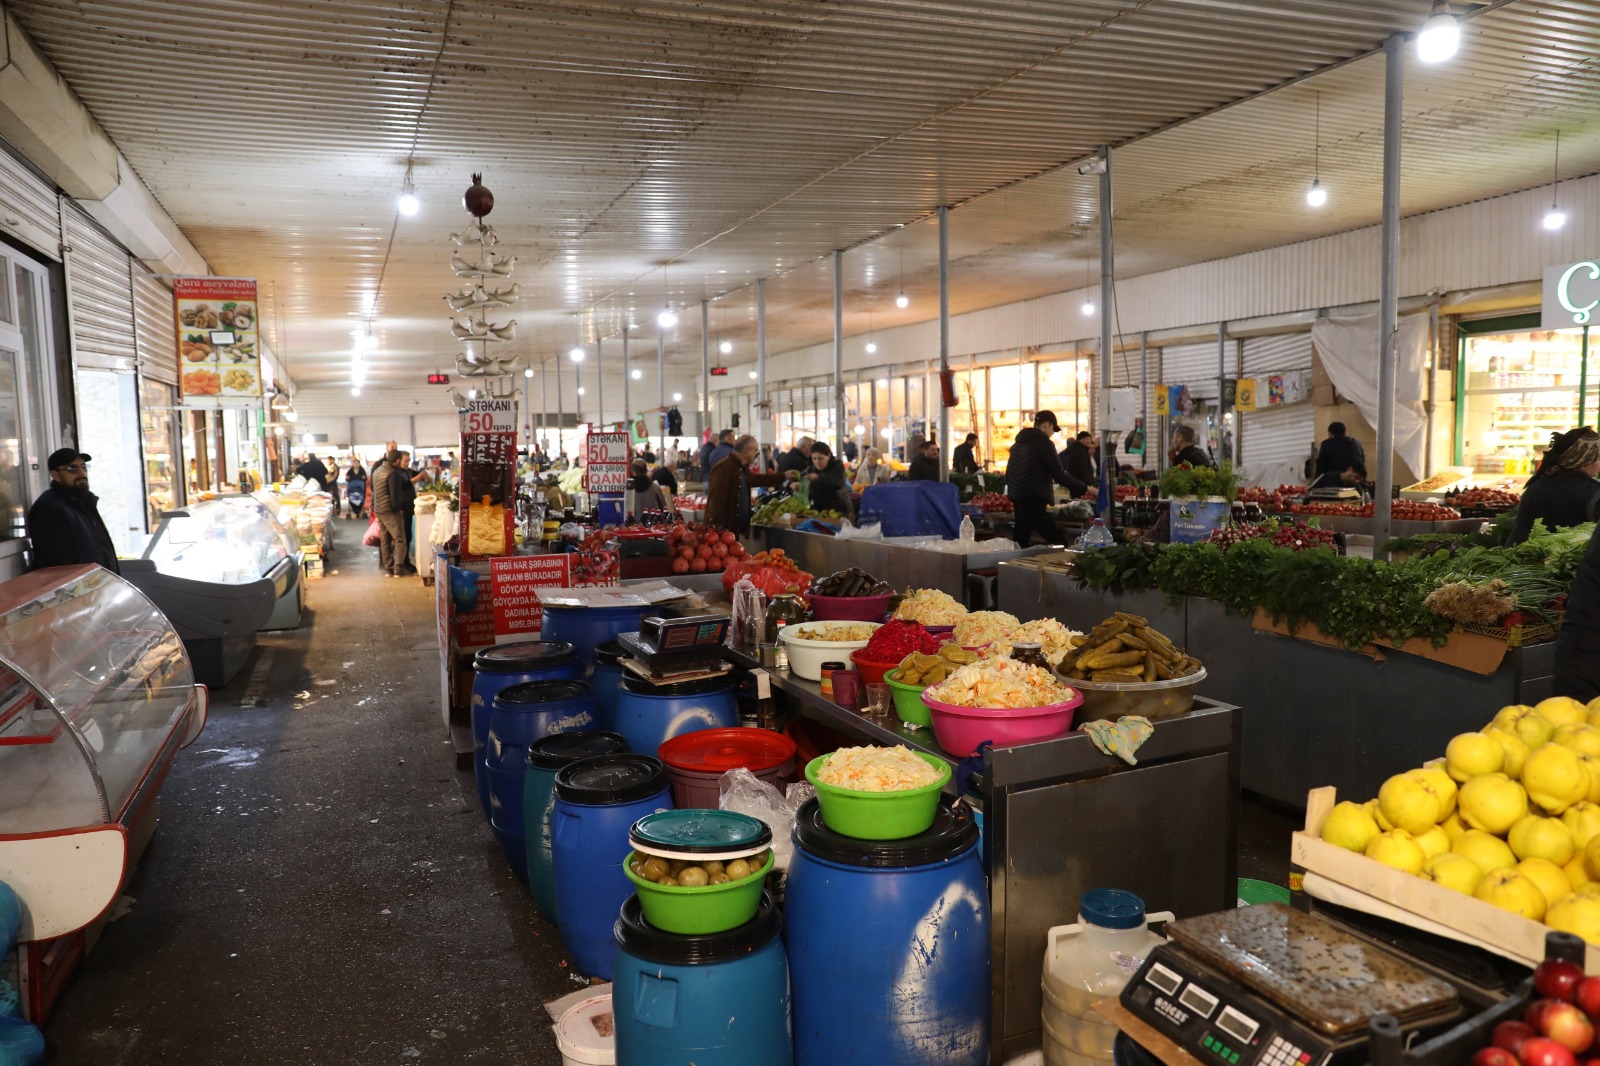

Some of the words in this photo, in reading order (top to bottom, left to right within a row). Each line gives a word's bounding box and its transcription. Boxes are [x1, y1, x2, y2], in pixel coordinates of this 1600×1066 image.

[469, 401, 511, 412] STƏKANI
[469, 412, 494, 432] 50
[590, 434, 626, 443] STƏKANI
[590, 444, 609, 463] 50
[590, 473, 626, 485] QANI
[591, 484, 626, 492] ARTIRIR
[513, 560, 528, 570] NAR
[529, 559, 564, 570] ŞƏRABININ
[497, 573, 523, 582] MƏKANI
[524, 570, 563, 580] BURADADIR
[500, 583, 528, 594] GÖYÇAY
[493, 595, 529, 607] GÖYÇAYDA
[505, 608, 529, 617] DADINA
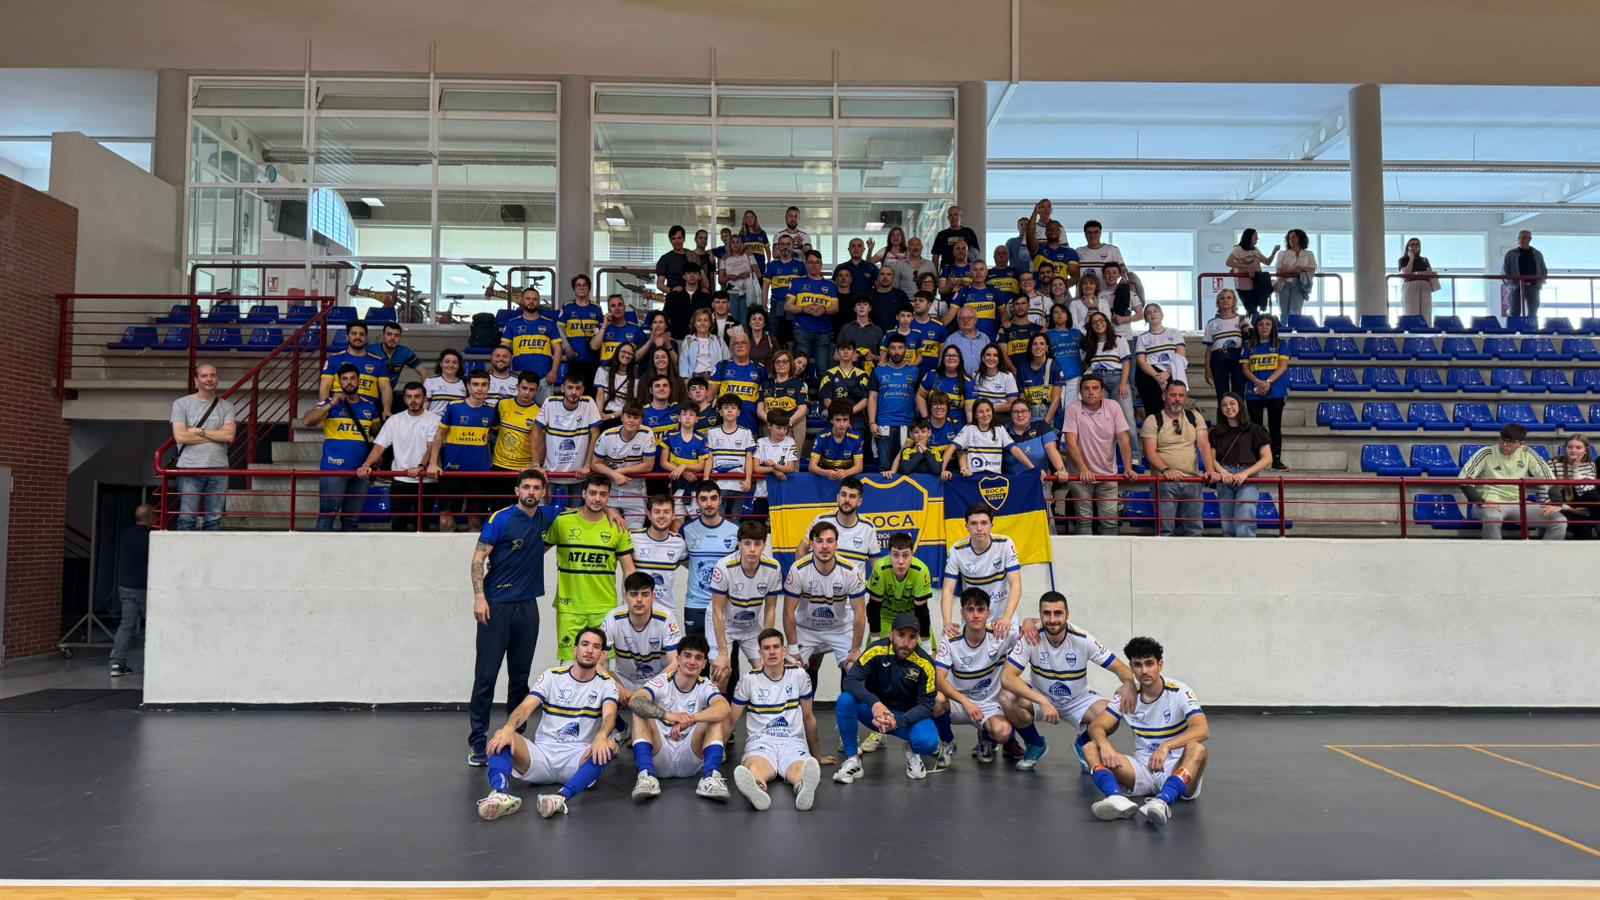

::::::::::

TASK STATEMENT:
Please write out all the data again word for word, but not the pictures.

EXERCISE RESPONSE:
Some of the words in this photo, in reading order (top to bottom, left to right within a row). Each line gives a word's bounding box and its transcription. Boxes are [x1, y1, x2, y2], in pixel coordinates of this 1600×1066 image.

[469, 401, 511, 412] STƏKANI
[469, 412, 494, 432] 50
[590, 434, 626, 443] STƏKANI
[590, 444, 609, 463] 50
[590, 473, 626, 485] QANI
[591, 484, 626, 492] ARTIRIR
[513, 560, 528, 570] NAR
[529, 559, 564, 570] ŞƏRABININ
[497, 573, 523, 582] MƏKANI
[524, 570, 563, 580] BURADADIR
[500, 583, 528, 594] GÖYÇAY
[493, 595, 529, 607] GÖYÇAYDA
[505, 608, 529, 617] DADINA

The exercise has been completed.